Do kids ever recover from the divorce of their parents?


Recover might not be an appropriate term to use. When you think of the term recover or look it up, the definition is “to return to a normal state of health, mind, or strength.” When you think of kids recovering from the divorce of their parents, you need to understand their lives will never return to their previous state. Things will always be different.

That is not to say that kids can’t heal from their parents’ divorce. The children can move forward in their life journey, but things have changed. Unfortunately, for many kids, things change for the worse. Some children struggle for the rest of their lives with divorce issues.

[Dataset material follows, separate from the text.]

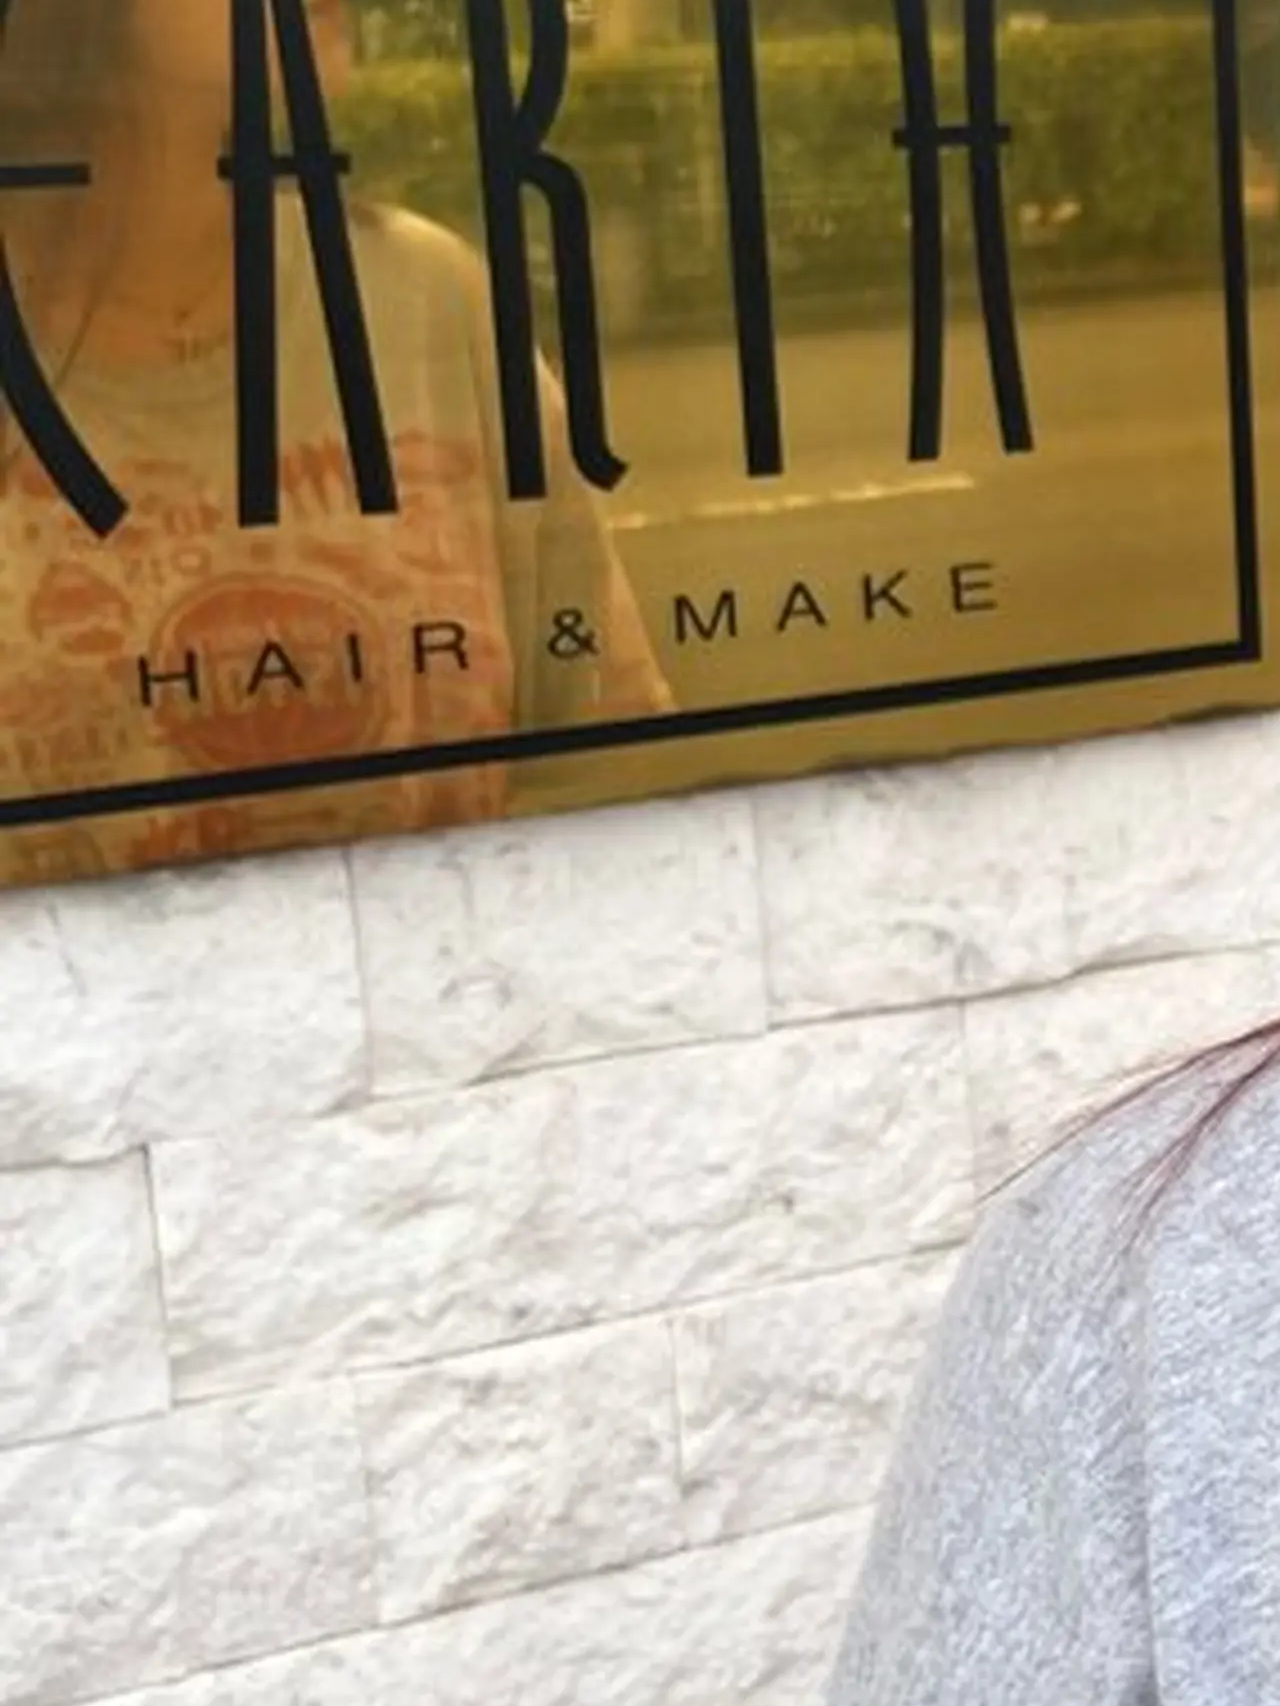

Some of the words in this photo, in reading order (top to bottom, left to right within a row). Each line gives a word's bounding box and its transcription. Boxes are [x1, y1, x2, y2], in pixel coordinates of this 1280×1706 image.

[137, 621, 469, 707] HAIR
[547, 608, 600, 661] &
[673, 562, 998, 645] MAKE

Some kids learn from the heartache and the struggles of divorce. Divorce helps some children become cognizant of other people’s suffering. These are the kids who stick up for the ones being bullied. They have compassion for the kids who are hurting and suffering in some way.

I know my daughter became aware of classmates who were hurting. She became open to understanding their plight, even to the point of one time requesting that I meet with one of her classmates who couldn’t talk to her own mother. Today, in her adult life, she has compassion for children who are suffering.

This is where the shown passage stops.